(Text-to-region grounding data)

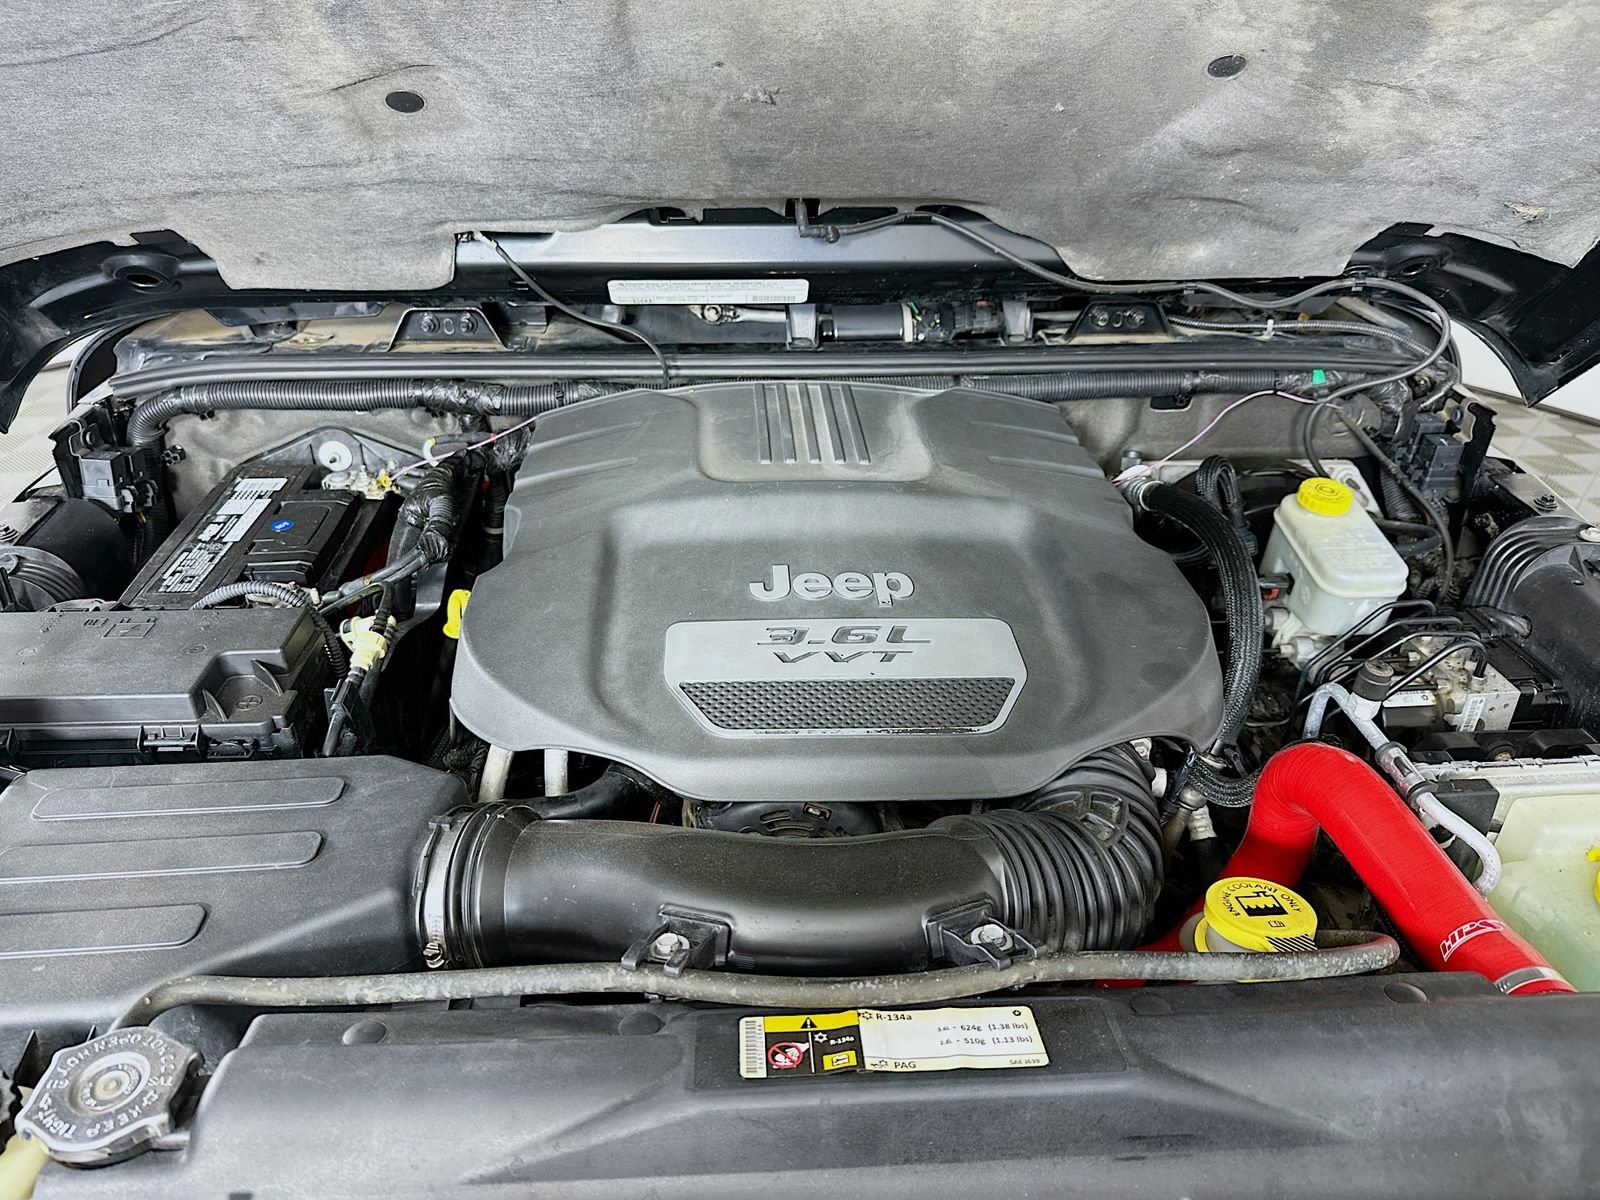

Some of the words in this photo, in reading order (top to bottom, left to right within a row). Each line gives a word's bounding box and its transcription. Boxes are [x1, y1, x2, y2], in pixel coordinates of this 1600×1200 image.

[749, 563, 915, 607] Jeep
[757, 625, 931, 646] 3.6L
[773, 650, 913, 664] VVT
[1227, 882, 1278, 894] COOLANT
[1281, 893, 1302, 913] ONLY
[1440, 919, 1506, 962] HPS
[876, 1012, 913, 1022] R-134a
[960, 1024, 982, 1032] 624g
[988, 1023, 1011, 1031] (1.38
[1012, 1022, 1029, 1030] lbs)
[963, 1037, 986, 1045] 510g
[992, 1036, 1015, 1045] (1.13
[1016, 1035, 1033, 1043] lbs)
[894, 1061, 917, 1069] PAG
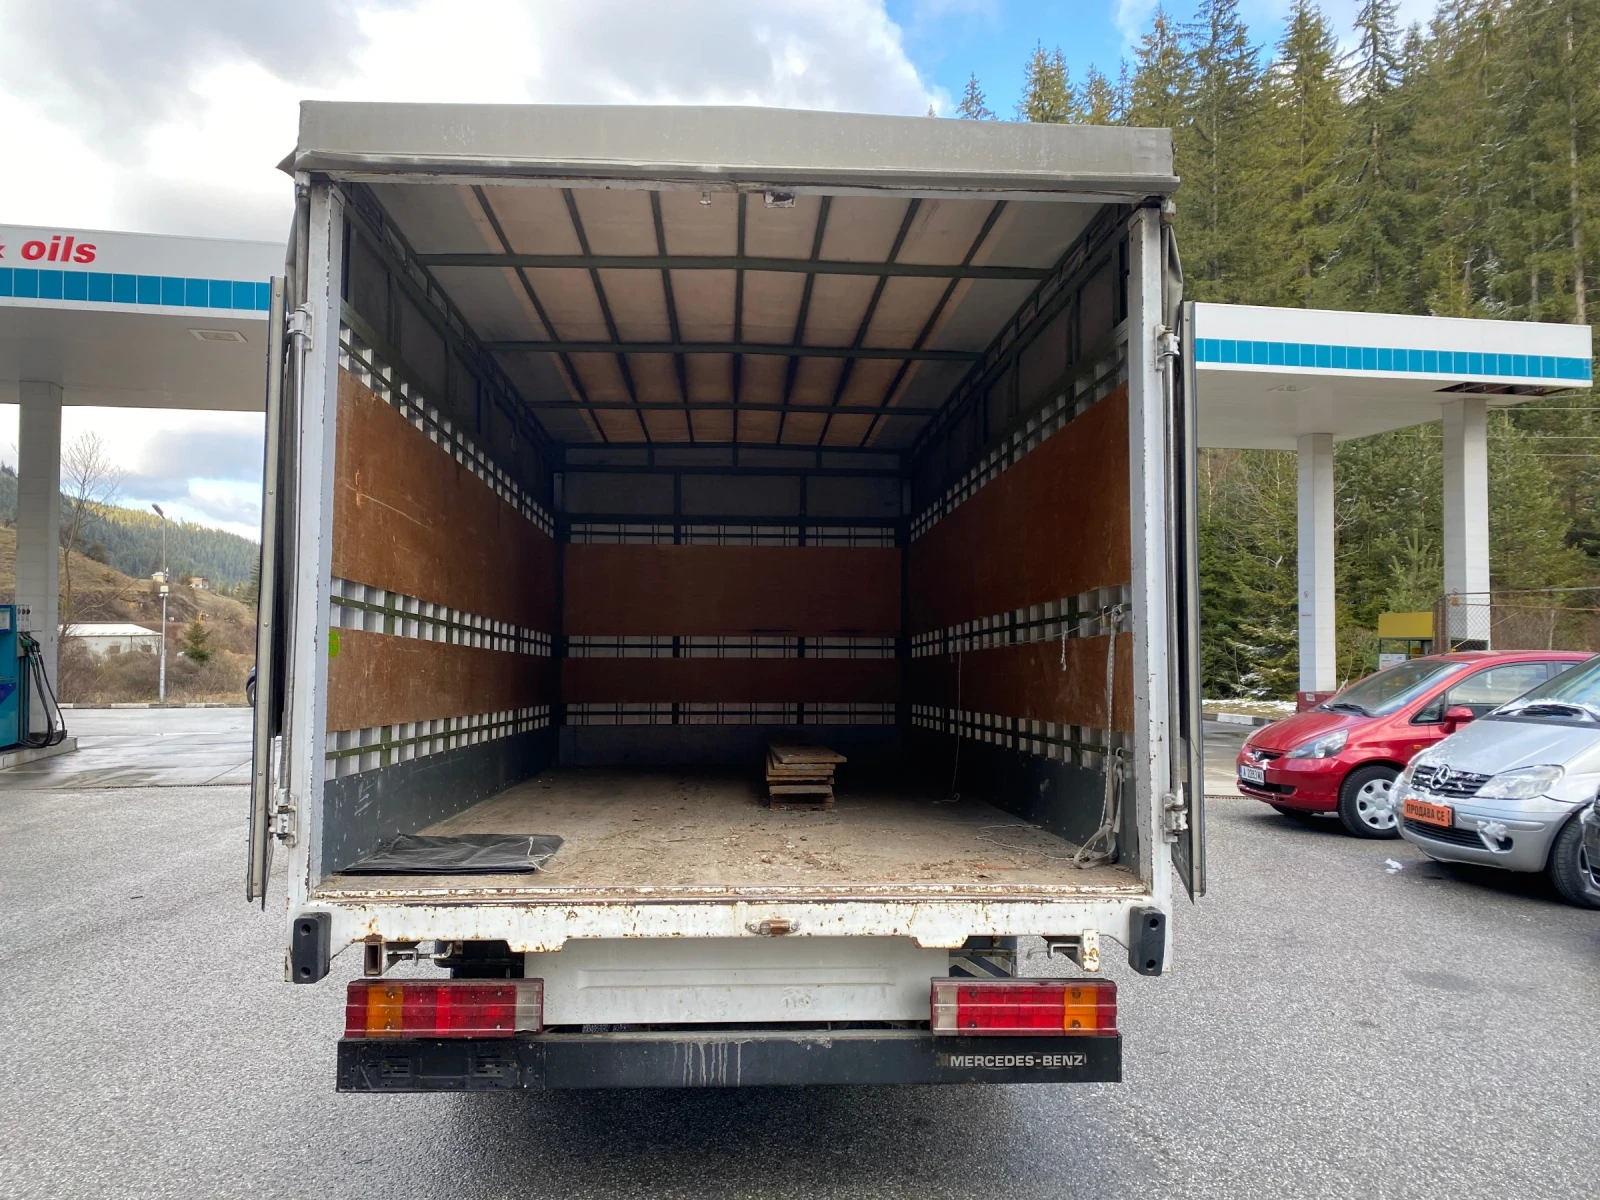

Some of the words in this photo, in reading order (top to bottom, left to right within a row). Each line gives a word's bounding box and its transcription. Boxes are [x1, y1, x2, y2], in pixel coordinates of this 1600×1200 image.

[21, 235, 97, 264] oils
[1406, 803, 1435, 819] ПРОДАВА
[1437, 810, 1445, 822] СЕ
[949, 1054, 1084, 1067] MERCEDES-BENZ
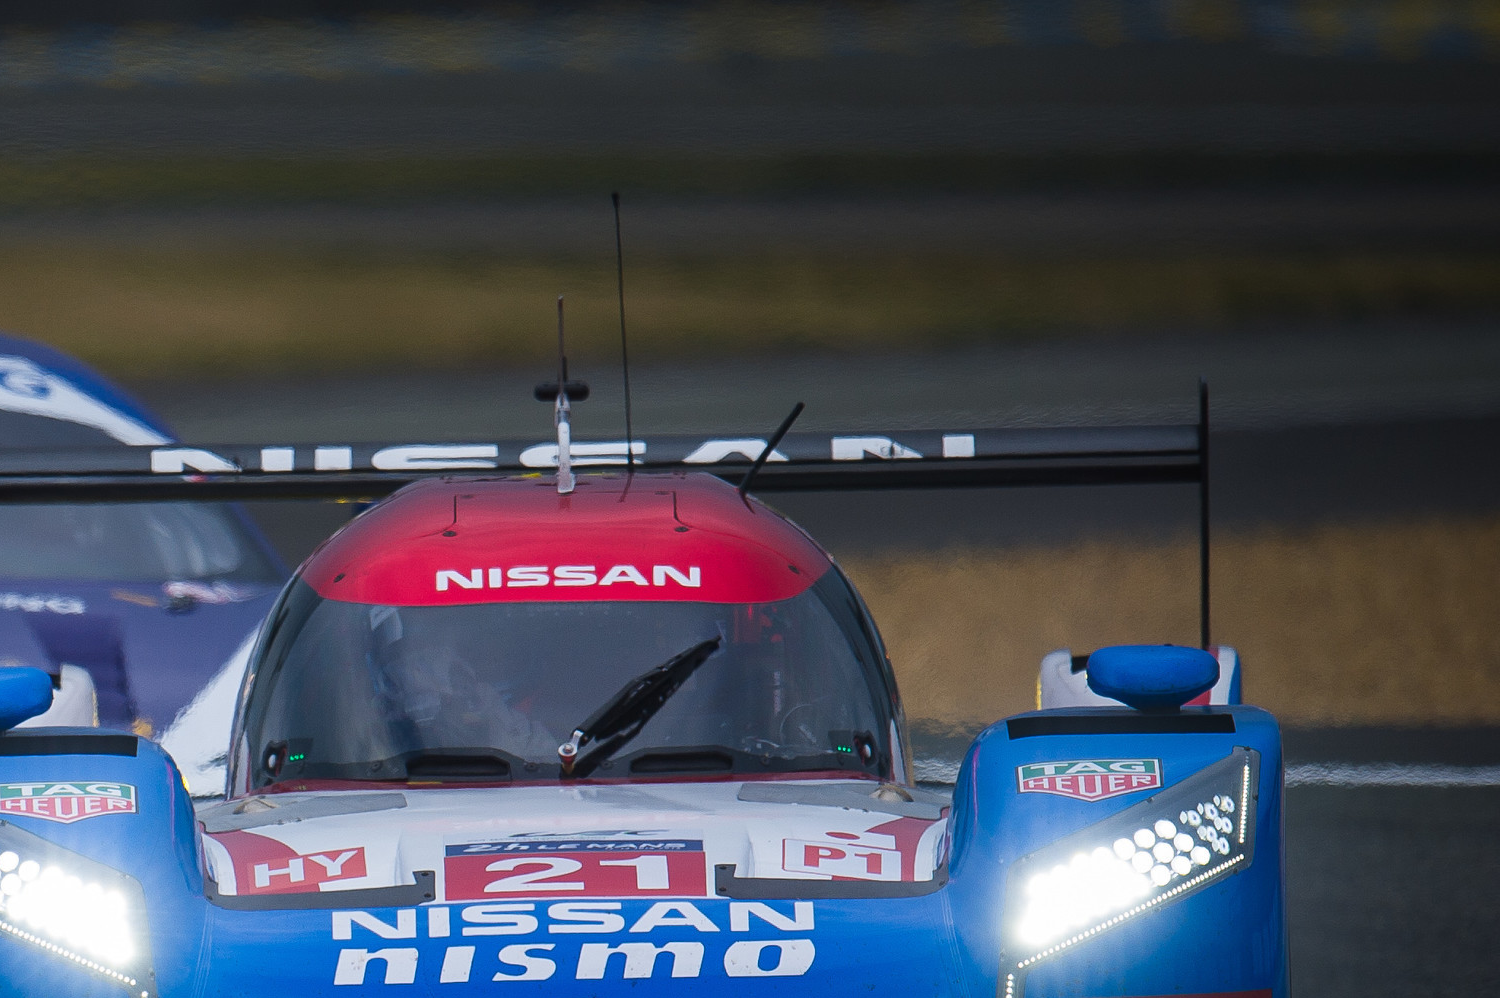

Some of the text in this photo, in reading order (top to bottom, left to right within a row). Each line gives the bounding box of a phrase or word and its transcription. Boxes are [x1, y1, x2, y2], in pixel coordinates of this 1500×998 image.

[435, 565, 701, 591] NISSAN
[1030, 761, 1146, 775] TAG
[7, 784, 122, 797] TAG
[1027, 774, 1152, 797] HEUER
[4, 797, 128, 819] HEUER
[253, 849, 359, 888] HY
[803, 844, 882, 876] P1
[483, 854, 670, 893] 21
[332, 900, 817, 941] NISSAN

_Task requirements_
Copy exactly the lines that begin with the one containing "Some of the text" and continue to the end of the records, both included, and nothing more.

_Written reply_
Some of the text in this photo, in reading order (top to bottom, left to right within a row). Each line gives the bounding box of a phrase or word and its transcription. Boxes are [x1, y1, x2, y2], in pixel coordinates of this 1500×998 image.

[435, 565, 701, 591] NISSAN
[1030, 761, 1146, 775] TAG
[7, 784, 122, 797] TAG
[1027, 774, 1152, 797] HEUER
[4, 797, 128, 819] HEUER
[253, 849, 359, 888] HY
[803, 844, 882, 876] P1
[483, 854, 670, 893] 21
[332, 900, 817, 941] NISSAN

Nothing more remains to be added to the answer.